— About this task —
Please repeat each of the records that follow, exactly as written.

[Opening The data section]

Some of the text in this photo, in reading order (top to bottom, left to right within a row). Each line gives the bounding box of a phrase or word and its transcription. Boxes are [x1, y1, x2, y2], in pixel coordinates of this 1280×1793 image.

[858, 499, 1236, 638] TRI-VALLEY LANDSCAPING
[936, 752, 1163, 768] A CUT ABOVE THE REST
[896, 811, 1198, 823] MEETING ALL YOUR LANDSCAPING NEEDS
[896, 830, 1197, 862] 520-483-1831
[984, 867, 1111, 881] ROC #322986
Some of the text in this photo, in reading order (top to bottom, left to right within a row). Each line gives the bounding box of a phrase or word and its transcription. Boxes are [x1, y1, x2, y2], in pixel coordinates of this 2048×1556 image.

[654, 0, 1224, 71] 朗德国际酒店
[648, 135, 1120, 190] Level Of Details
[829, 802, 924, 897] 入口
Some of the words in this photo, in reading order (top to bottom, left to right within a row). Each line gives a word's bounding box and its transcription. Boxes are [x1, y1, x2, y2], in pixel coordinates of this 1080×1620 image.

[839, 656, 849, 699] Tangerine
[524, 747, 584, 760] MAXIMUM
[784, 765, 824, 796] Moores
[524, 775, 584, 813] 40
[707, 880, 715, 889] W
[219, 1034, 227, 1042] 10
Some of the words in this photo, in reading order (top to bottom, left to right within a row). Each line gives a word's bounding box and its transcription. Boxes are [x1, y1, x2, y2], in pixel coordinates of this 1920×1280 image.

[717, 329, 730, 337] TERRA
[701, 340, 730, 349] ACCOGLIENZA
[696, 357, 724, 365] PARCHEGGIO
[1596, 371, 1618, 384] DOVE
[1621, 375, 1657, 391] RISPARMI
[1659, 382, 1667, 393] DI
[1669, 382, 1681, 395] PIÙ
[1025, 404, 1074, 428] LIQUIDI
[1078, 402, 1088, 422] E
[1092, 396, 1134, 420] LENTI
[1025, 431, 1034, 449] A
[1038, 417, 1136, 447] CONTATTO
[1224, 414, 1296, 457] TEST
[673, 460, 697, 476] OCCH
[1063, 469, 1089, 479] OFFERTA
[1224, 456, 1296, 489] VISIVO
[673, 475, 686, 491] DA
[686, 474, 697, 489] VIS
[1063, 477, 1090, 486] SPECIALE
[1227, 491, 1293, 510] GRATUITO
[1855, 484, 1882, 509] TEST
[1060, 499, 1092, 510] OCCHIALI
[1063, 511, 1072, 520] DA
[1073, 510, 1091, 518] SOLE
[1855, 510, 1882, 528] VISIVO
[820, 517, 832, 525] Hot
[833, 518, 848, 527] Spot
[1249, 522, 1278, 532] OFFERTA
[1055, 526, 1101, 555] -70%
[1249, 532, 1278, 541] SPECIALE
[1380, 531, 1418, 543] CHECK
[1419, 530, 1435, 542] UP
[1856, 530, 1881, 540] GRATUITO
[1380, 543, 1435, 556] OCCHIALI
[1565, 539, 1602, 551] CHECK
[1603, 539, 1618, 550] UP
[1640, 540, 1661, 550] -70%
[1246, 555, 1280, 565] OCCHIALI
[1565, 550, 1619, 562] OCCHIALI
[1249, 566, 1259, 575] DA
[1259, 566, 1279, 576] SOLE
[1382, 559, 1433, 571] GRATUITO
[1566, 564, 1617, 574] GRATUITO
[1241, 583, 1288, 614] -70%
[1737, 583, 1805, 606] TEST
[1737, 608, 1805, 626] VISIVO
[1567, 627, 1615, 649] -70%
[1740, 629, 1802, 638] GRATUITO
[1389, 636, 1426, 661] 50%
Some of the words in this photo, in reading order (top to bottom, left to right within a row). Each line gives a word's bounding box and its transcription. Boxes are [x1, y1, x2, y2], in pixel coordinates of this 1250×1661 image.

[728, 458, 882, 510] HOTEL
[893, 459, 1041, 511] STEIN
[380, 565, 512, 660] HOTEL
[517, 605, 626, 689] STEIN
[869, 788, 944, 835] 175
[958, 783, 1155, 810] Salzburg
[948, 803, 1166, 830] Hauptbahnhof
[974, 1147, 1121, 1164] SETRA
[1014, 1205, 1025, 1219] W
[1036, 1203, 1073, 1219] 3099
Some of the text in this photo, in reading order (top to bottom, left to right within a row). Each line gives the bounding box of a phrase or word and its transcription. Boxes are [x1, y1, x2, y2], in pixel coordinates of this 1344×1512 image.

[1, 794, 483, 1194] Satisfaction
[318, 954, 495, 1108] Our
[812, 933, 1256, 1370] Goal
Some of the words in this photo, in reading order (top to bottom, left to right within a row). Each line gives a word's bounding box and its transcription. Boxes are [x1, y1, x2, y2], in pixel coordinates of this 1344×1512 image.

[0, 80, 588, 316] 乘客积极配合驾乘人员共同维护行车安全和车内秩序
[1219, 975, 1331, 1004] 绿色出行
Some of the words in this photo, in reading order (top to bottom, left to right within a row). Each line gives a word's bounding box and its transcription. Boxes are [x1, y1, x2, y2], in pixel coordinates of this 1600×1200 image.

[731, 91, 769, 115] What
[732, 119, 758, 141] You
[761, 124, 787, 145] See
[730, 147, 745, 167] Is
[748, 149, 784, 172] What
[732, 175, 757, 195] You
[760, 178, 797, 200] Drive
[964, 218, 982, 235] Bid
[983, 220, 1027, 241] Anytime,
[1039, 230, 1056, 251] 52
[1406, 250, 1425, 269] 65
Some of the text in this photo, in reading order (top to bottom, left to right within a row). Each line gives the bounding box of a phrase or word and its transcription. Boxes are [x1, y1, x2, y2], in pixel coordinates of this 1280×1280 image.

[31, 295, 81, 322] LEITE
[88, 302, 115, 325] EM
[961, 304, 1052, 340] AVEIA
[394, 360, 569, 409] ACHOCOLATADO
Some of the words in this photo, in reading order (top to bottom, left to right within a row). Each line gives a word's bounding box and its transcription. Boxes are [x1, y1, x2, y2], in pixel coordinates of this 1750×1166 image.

[Closing The data section]

— Answer space —
Some of the text in this photo, in reading order (top to bottom, left to right within a row). Each line gives the bounding box of a phrase or word and its transcription. Boxes are [x1, y1, x2, y2], in pixel coordinates of this 1280×1793 image.

[858, 499, 1236, 638] TRI-VALLEY LANDSCAPING
[936, 752, 1163, 768] A CUT ABOVE THE REST
[896, 811, 1198, 823] MEETING ALL YOUR LANDSCAPING NEEDS
[896, 830, 1197, 862] 520-483-1831
[984, 867, 1111, 881] ROC #322986
Some of the text in this photo, in reading order (top to bottom, left to right within a row). Each line gives the bounding box of a phrase or word and its transcription. Boxes are [x1, y1, x2, y2], in pixel coordinates of this 2048×1556 image.

[654, 0, 1224, 71] 朗德国际酒店
[648, 135, 1120, 190] Level Of Details
[829, 802, 924, 897] 入口
Some of the words in this photo, in reading order (top to bottom, left to right within a row). Each line gives a word's bounding box and its transcription. Boxes are [x1, y1, x2, y2], in pixel coordinates of this 1080×1620 image.

[839, 656, 849, 699] Tangerine
[524, 747, 584, 760] MAXIMUM
[784, 765, 824, 796] Moores
[524, 775, 584, 813] 40
[707, 880, 715, 889] W
[219, 1034, 227, 1042] 10
Some of the words in this photo, in reading order (top to bottom, left to right within a row). Each line gives a word's bounding box and its transcription. Boxes are [x1, y1, x2, y2], in pixel coordinates of this 1920×1280 image.

[717, 329, 730, 337] TERRA
[701, 340, 730, 349] ACCOGLIENZA
[696, 357, 724, 365] PARCHEGGIO
[1596, 371, 1618, 384] DOVE
[1621, 375, 1657, 391] RISPARMI
[1659, 382, 1667, 393] DI
[1669, 382, 1681, 395] PIÙ
[1025, 404, 1074, 428] LIQUIDI
[1078, 402, 1088, 422] E
[1092, 396, 1134, 420] LENTI
[1025, 431, 1034, 449] A
[1038, 417, 1136, 447] CONTATTO
[1224, 414, 1296, 457] TEST
[673, 460, 697, 476] OCCH
[1063, 469, 1089, 479] OFFERTA
[1224, 456, 1296, 489] VISIVO
[673, 475, 686, 491] DA
[686, 474, 697, 489] VIS
[1063, 477, 1090, 486] SPECIALE
[1227, 491, 1293, 510] GRATUITO
[1855, 484, 1882, 509] TEST
[1060, 499, 1092, 510] OCCHIALI
[1063, 511, 1072, 520] DA
[1073, 510, 1091, 518] SOLE
[1855, 510, 1882, 528] VISIVO
[820, 517, 832, 525] Hot
[833, 518, 848, 527] Spot
[1249, 522, 1278, 532] OFFERTA
[1055, 526, 1101, 555] -70%
[1249, 532, 1278, 541] SPECIALE
[1380, 531, 1418, 543] CHECK
[1419, 530, 1435, 542] UP
[1856, 530, 1881, 540] GRATUITO
[1380, 543, 1435, 556] OCCHIALI
[1565, 539, 1602, 551] CHECK
[1603, 539, 1618, 550] UP
[1640, 540, 1661, 550] -70%
[1246, 555, 1280, 565] OCCHIALI
[1565, 550, 1619, 562] OCCHIALI
[1249, 566, 1259, 575] DA
[1259, 566, 1279, 576] SOLE
[1382, 559, 1433, 571] GRATUITO
[1566, 564, 1617, 574] GRATUITO
[1241, 583, 1288, 614] -70%
[1737, 583, 1805, 606] TEST
[1737, 608, 1805, 626] VISIVO
[1567, 627, 1615, 649] -70%
[1740, 629, 1802, 638] GRATUITO
[1389, 636, 1426, 661] 50%
Some of the words in this photo, in reading order (top to bottom, left to right within a row). Each line gives a word's bounding box and its transcription. Boxes are [x1, y1, x2, y2], in pixel coordinates of this 1250×1661 image.

[728, 458, 882, 510] HOTEL
[893, 459, 1041, 511] STEIN
[380, 565, 512, 660] HOTEL
[517, 605, 626, 689] STEIN
[869, 788, 944, 835] 175
[958, 783, 1155, 810] Salzburg
[948, 803, 1166, 830] Hauptbahnhof
[974, 1147, 1121, 1164] SETRA
[1014, 1205, 1025, 1219] W
[1036, 1203, 1073, 1219] 3099
Some of the text in this photo, in reading order (top to bottom, left to right within a row). Each line gives the bounding box of a phrase or word and its transcription. Boxes are [x1, y1, x2, y2], in pixel coordinates of this 1344×1512 image.

[1, 794, 483, 1194] Satisfaction
[318, 954, 495, 1108] Our
[812, 933, 1256, 1370] Goal
Some of the words in this photo, in reading order (top to bottom, left to right within a row). Each line gives a word's bounding box and its transcription. Boxes are [x1, y1, x2, y2], in pixel coordinates of this 1344×1512 image.

[0, 80, 588, 316] 乘客积极配合驾乘人员共同维护行车安全和车内秩序
[1219, 975, 1331, 1004] 绿色出行
Some of the words in this photo, in reading order (top to bottom, left to right within a row). Each line gives a word's bounding box and its transcription. Boxes are [x1, y1, x2, y2], in pixel coordinates of this 1600×1200 image.

[731, 91, 769, 115] What
[732, 119, 758, 141] You
[761, 124, 787, 145] See
[730, 147, 745, 167] Is
[748, 149, 784, 172] What
[732, 175, 757, 195] You
[760, 178, 797, 200] Drive
[964, 218, 982, 235] Bid
[983, 220, 1027, 241] Anytime,
[1039, 230, 1056, 251] 52
[1406, 250, 1425, 269] 65
Some of the text in this photo, in reading order (top to bottom, left to right within a row). Each line gives the bounding box of a phrase or word and its transcription. Boxes are [x1, y1, x2, y2], in pixel coordinates of this 1280×1280 image.

[31, 295, 81, 322] LEITE
[88, 302, 115, 325] EM
[961, 304, 1052, 340] AVEIA
[394, 360, 569, 409] ACHOCOLATADO
Some of the words in this photo, in reading order (top to bottom, left to right within a row). Each line gives a word's bounding box and its transcription. Boxes are [x1, y1, x2, y2], in pixel coordinates of this 1750×1166 image.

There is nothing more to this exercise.